ENGR337 Lab 2020 Spring
Lab 4 xxxxxx
Name: Orion Clay
Email: oeclay@fortlewis.edu

1. An Oximeter

2. In this lab, students constructed a circuit that utilizied the filters and amplifiers from lab three as well as a IR emitter and reciever to create an oximeter. The oximeter was used to monitor student blood oxygen concentration by measuring how much IR light was absorbed through a fingertip. Heart rate was also monitored as it corresponded with thefrequency in between voltage peaks in the reciever. Students saw how basic analog circuits were applied in a practical, real-world application.

3. Materials
Tektronix MSO 2022B Mixed Signal Oscilloscope and Probe
 Multimeter probe (for circuit debugging)
 One TCRT5000 IR Emitter and Reciever Pair
Two 1NA 128P Instrumentation Amplifier Bread Board
 One 680 Ohm Resistor
One 2 Volt Zener Diode
 One 4.7 uF and One 458 nF Capacitors
 One 741 Operational Amplifier
0-5 Volt ADC Converter (For Power Supply)
 Three 1k Ohm Resistors One 68k Ohm Resistor
One 680 Ohm Resistor One 10k Ohm Resistor One 560 Ohm Resistor
One Arduino Uno Board
 Arduino Software (For Serial Monitoring)

**All cables necessary for taking measurements with the above devices were used in this lab.**

Methods
Students began by reviewing the data sheets provided by Dr. Li regarding the IR emitter and reciever and the instrumentation amplifier. After students familiarized themselves with the pin layout, direction, and other relevant information they began to construct the cirucuit. The circuit schematic was also provided by Dr. Li and contained low pass filter wired to an instrumentation amplifer followed by a  high pass filter and another instrumentation amplifier, and finally a 741 configured as a comparator for the signal output. This process took time to configure correctly and more still more time to debug. Once the circuit was verified to be correct, students tested their blood conentration levels as well as their heart rate by placing their pointer finger over the IR emmiter and reciever. The results were viewed in an oscilliscope and captured as a screenshot. An Arduino Uno board was introduced to the circuit for Task 2 and embedded with a code that allowed students to view their heart rate through the Ardunio serial monitor on a desktop computer. A video of the serial monitor was taken and uploaded to their final reports.

4. Results


  Figure 1. The circuit schematice for Task 1 provided by Dr. Li.


Figure 2. The oscilliscope monitor displaying the oximeter readings as well as the amount of time in between my heart beats.

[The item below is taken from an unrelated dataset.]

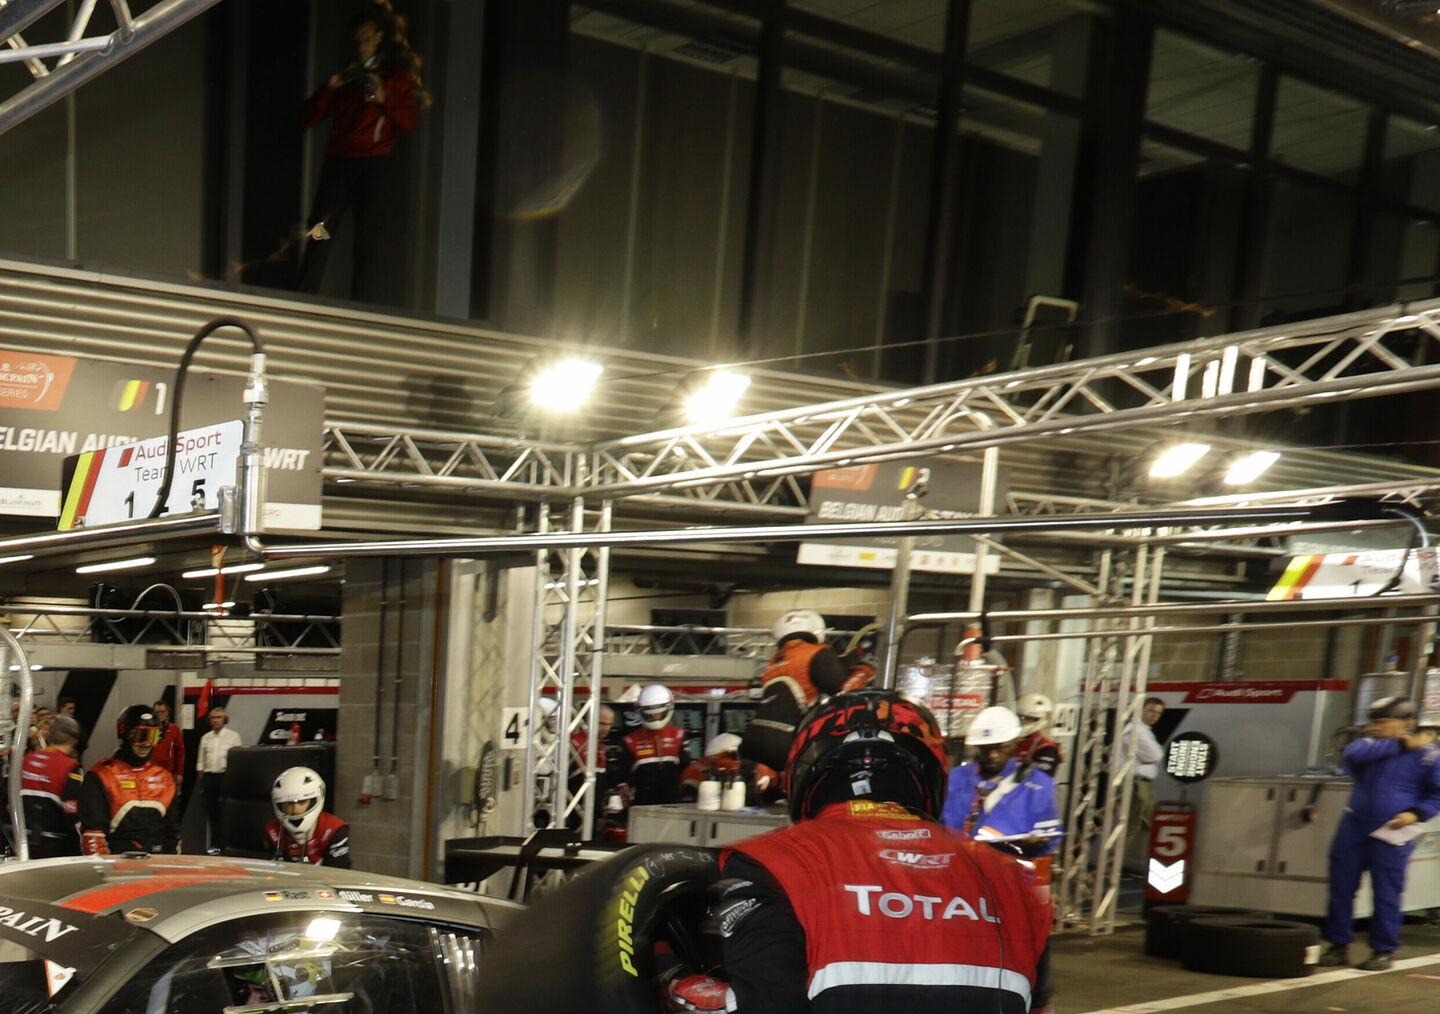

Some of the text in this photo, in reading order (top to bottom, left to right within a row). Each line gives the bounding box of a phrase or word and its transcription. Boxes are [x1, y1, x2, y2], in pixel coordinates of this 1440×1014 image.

Figure 3. The Arduino code used to view the real-time voltage output in the serial monitor.


Figure 4. The video of my heart rate being displayed in the Arduino serial monitor.

5. Discussion
The practial applications of analog circuits became apparent to students upon finishing this lab. Low pass, and high pass filters as well as amplifiers can be extremely useful in the real world. Displaying ECG signal at a hospital or doctor office can  be extremely important to the well being of patients and it is thanks to analog circuit design a device such as an oximeter can be made to function. The set up and debugging of the circuit was also extremely helpful to students as they continued to develop their wiring and troubleshooting skills. It was very intruiging to see my resting heart rate. It was much lower than I expected it would be, around 1.17 seconds between each beat which correlates to around 50 beats per minute. It was also interesting to see that my heart beat did not genereate a large signal in the oscilliscope probe. My hands were cold that afternoon and that may have affected the IR emitters ability to effectivley interpret my blood oxygen concentration.